When we talk about making the pedestrian zone a historic district like the Fort District, it has to be done as a much broader planning exercise. This means that one has to address parking and alternative modes of public transportation such as buses that facilitate the movement of people who decide not to bring their cars. It also means pedestrianizing many other streets at once, so they can work as a network. Infrastructure must be conceptualized holistically. You have to anticipate the implications of that infrastructure, who will benefit from it, and then develop a strategy to implement it. I think what we see 100 yards from Kala Ghoda is at best an expensive and poorly designed icon.
As a young architect in Mumbai, you worked very closely with the late historian Sharada Dwivedi. Together you have written nearly a dozen books, including Bombay: The Cities Within Us. How influential is it as a force in your life?
Sharada was very important for my work in Mumbai because it was an insight into a ‘Bombay’ that I didn’t really know.
I grew up in Mumbai and of course I knew the city and its culture, but I wasn’t nostalgic for the old lost city of Bombay. In hindsight, I am very grateful to Sharadha for sensitizing me to the origins of Mumbai beyond what I researched as a student. [at CEPT in Ahmedabad and Harvard University in Massachusetts].
Spending time with her, researching and accessing the archive, helped me understand more deeply the processes that shaped Mumbai. By learning about these processes – social, cultural and institutional – I was able to better understand the city’s DNA. It was this understanding that later equipped me, for example, to work with my colleagues Sandhya Sawant, David Cardoz, Voi Nissen, and Shyam Chainani, among others, as we got the fort area designated as a protected area.
Sharada has helped build this trust. She was a friend and partner in the scholarship we built, and was the best vehicle for me in trying to understand the politics that surrounded me as a professional in Mumbai.
She is married to architect Nondita Correa Mehrotra, daughter of the late legendary architect Charles Correa. Given your shared backgrounds, what do you enjoy discussing most?
For the most part, my wife worked with Charles Correa and was actually a partner in many of his later projects after the 1990s, which is when we also married. I had worked with him for three years before that, but then I felt like I should have an independent practice and not let those two lives overlap.

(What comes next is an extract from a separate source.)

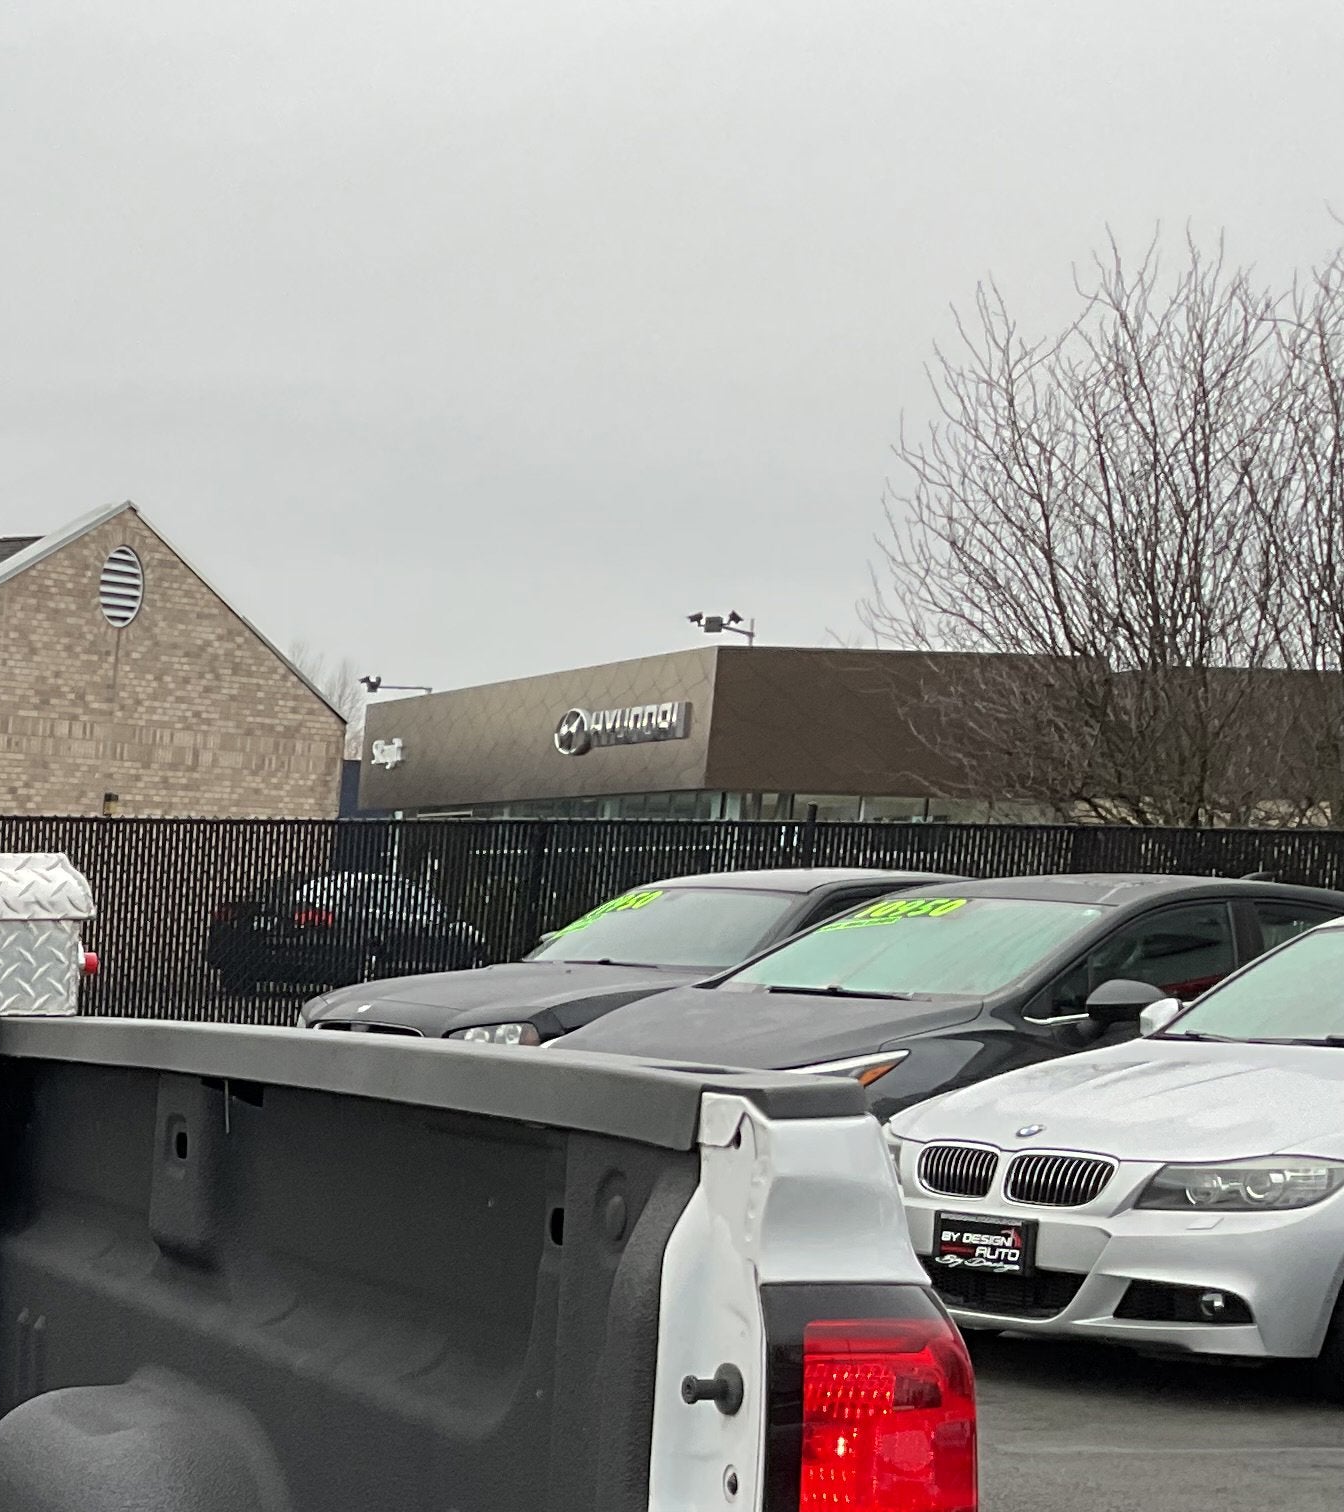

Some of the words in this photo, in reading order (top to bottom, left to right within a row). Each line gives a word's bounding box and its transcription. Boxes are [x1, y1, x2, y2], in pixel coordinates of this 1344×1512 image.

And so I continued to work with him until his death. We have since worked together on a few projects. I think the great thing is that we don’t spend our evenings discussing architecture, but when we travel together we enjoy visiting buildings and cities and make architecture central to the time we spend together.
How did the late Charles Correa influence your work?

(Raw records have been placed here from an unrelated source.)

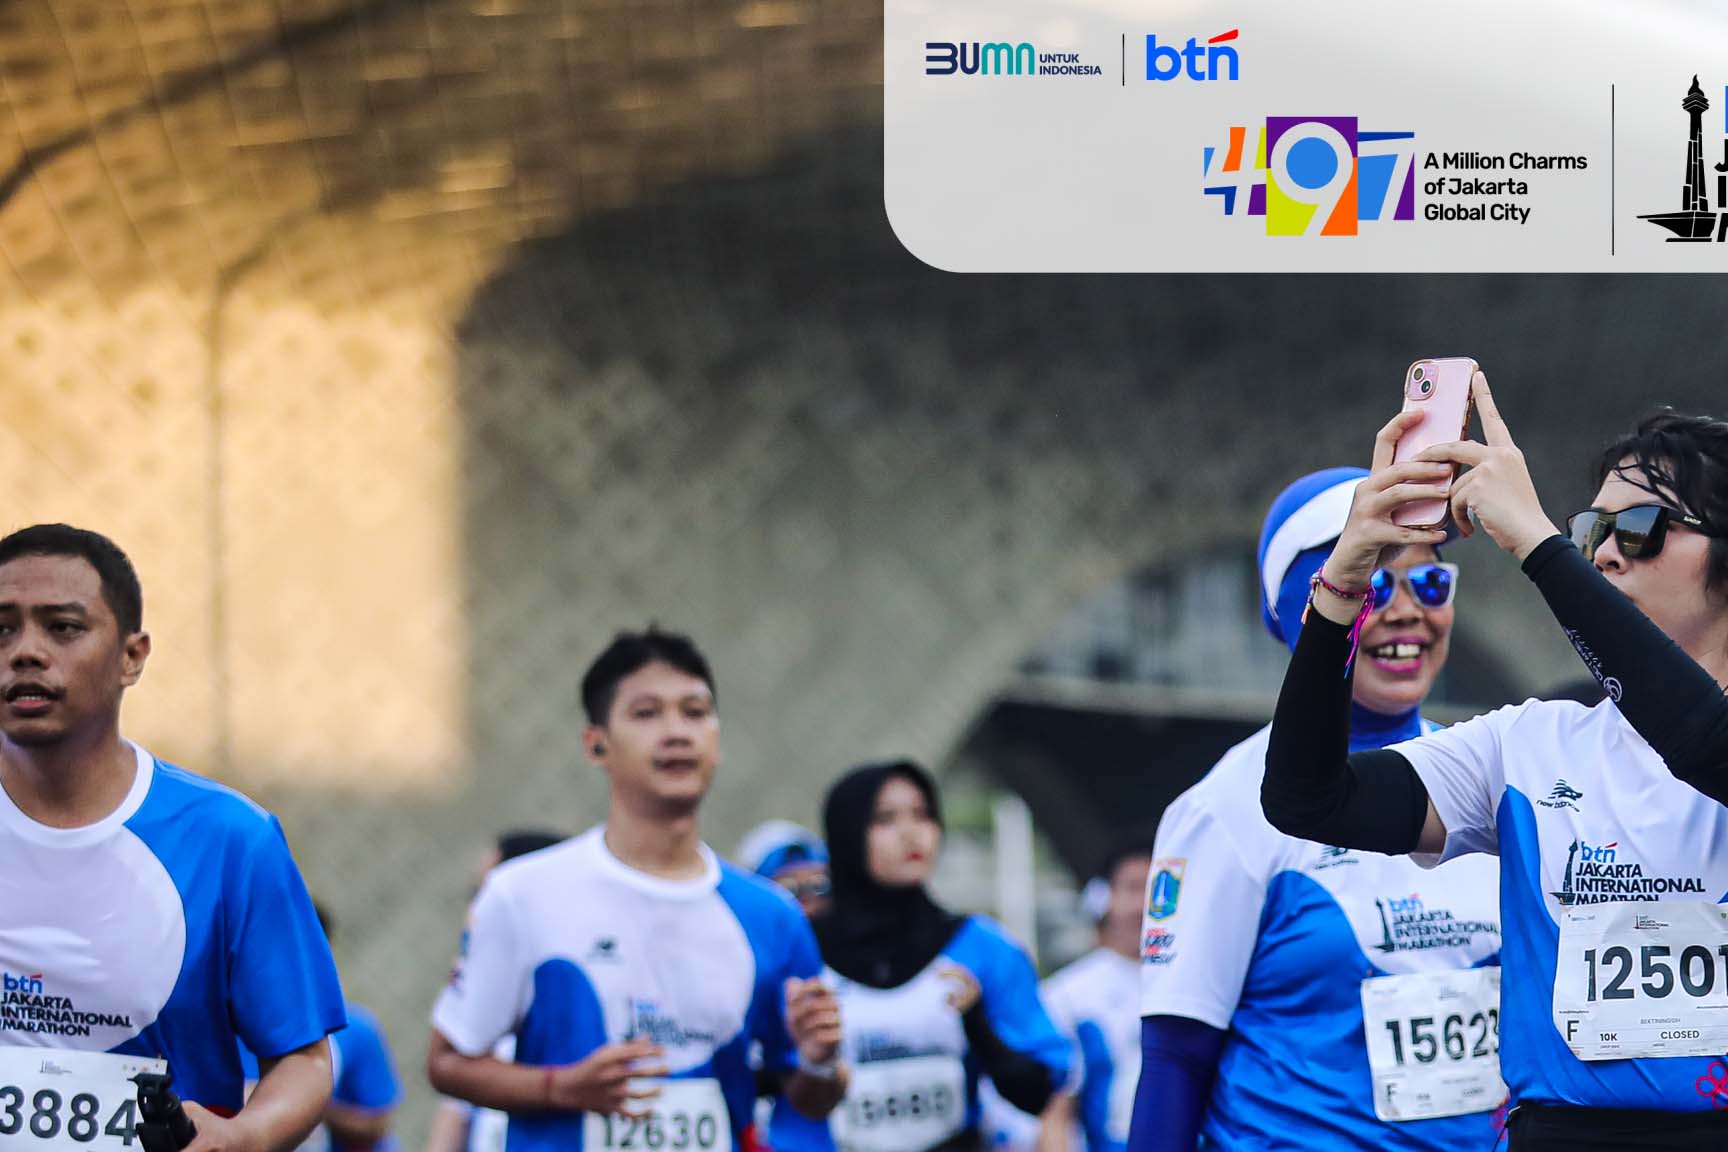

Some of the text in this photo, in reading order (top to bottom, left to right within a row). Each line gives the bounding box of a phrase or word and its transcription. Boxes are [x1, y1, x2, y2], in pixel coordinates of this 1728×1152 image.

[1575, 863, 1643, 878] JAKARTA
[1575, 877, 1706, 893] INTERNATIONAL
[0, 991, 74, 1011] JAKARTA
[0, 1005, 133, 1028] INTERNATIONAL
[2, 1018, 91, 1037] MARATHON
[1566, 1019, 1580, 1042] F
[1599, 1033, 1618, 1042] 10K
[1660, 1030, 1700, 1040] CLOSED
[0, 1085, 138, 1147] 3884
[603, 1111, 717, 1149] 12630
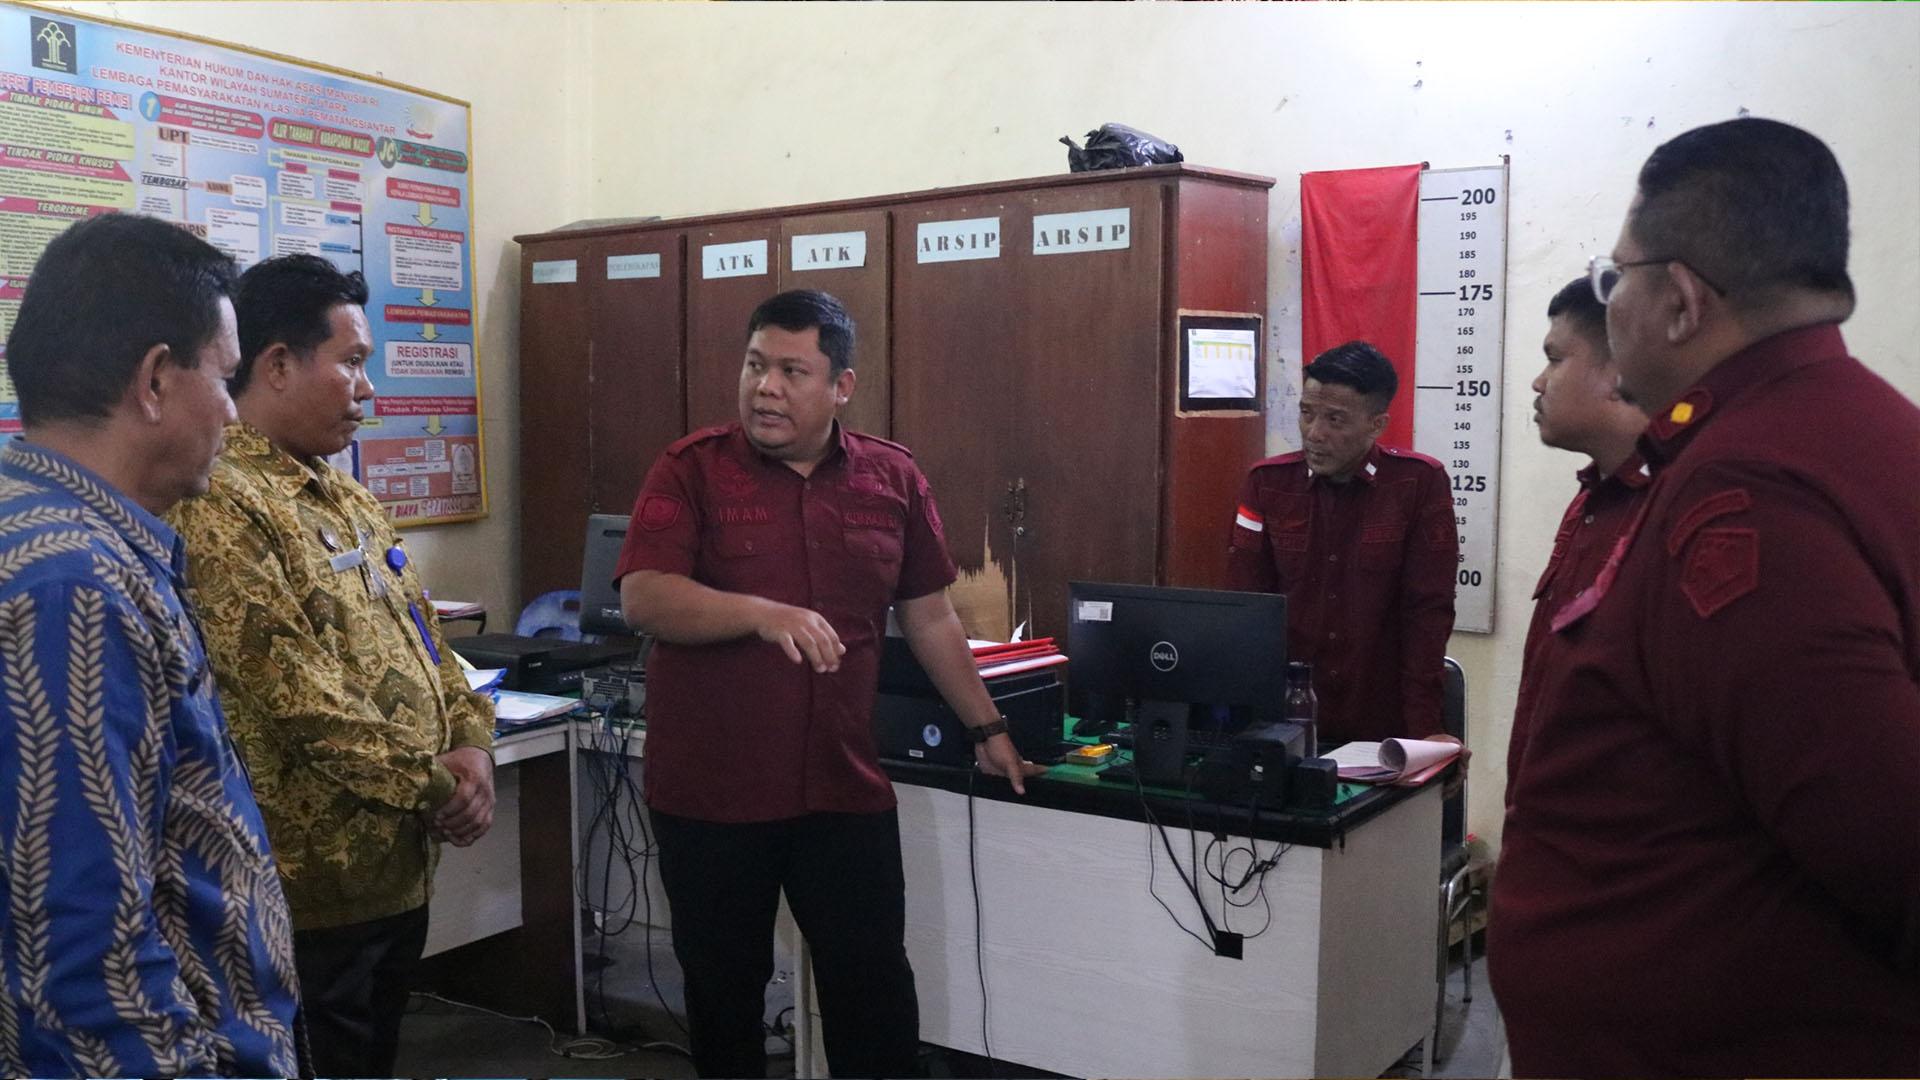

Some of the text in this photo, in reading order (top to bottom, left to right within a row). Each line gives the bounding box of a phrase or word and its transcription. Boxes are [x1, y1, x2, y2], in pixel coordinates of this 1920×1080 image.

[116, 42, 201, 68] KEMENTERIAN
[205, 62, 243, 78] HUKUM
[247, 70, 271, 83] DAN
[271, 77, 293, 89] HAK
[92, 67, 153, 88] LEMBAGA
[157, 79, 261, 109] PEMASYARAKATAN
[263, 101, 290, 114] KLAS
[159, 66, 207, 85] KANTOR
[210, 76, 257, 94] WILAYAH
[260, 87, 314, 105] SUMATERA
[159, 127, 189, 143] UPT
[6, 147, 42, 160] TINDAK
[78, 157, 115, 169] KHUSUS
[1461, 188, 1496, 205] 200
[38, 202, 89, 215] TERORISME
[1460, 212, 1477, 221] 195
[920, 232, 997, 252] ARSIP
[1036, 224, 1125, 247] ARSIP
[1460, 231, 1477, 240] 190
[808, 246, 851, 263] ATK
[1459, 250, 1476, 259] 185
[717, 254, 754, 271] ATK
[1458, 269, 1476, 278] 180
[1459, 284, 1493, 301] 175
[1458, 307, 1475, 316] 170
[1457, 327, 1474, 335] 165
[397, 346, 458, 359] REGISTRASI
[1457, 346, 1474, 354] 160
[1456, 365, 1473, 374] 155
[1456, 380, 1491, 396] 150
[1455, 403, 1472, 411] 145
[1454, 422, 1471, 430] 140
[1453, 441, 1470, 450] 135
[1452, 460, 1469, 468] 130
[1452, 475, 1486, 492] 125
[718, 507, 768, 521] IMAM
[1459, 569, 1482, 586] 00
[1153, 652, 1175, 661] DELL

What I appreciate are two things. One was his professionalism. He was extremely professional, not only in the way he worked, but in his ideological and ethical positions, and in the sense of responsibility he felt towards his clients and the wider community. I think he carried that as a very conscious burden. Furthermore, I also learned the responsibility that an architect has to express, share and communicate his values, position and what he believes is important to society.
A dream you have for Mumbai that has not yet come true?
The Mumbai we should all dream of is a city where everyone lives in dignity. And I think the only solution, given the size of the city, is to shift very quickly to big urban visions, which is before we invest in infrastructure and other approaches that open up affordable serviced land and mobility that can connect us all in an equitable way. So, land, equality of land and dignity of living are the most important. I believe that if people have homes they can live in with dignity, they will build their livelihoods, and they will survive. But the house would be very central to this fantasy.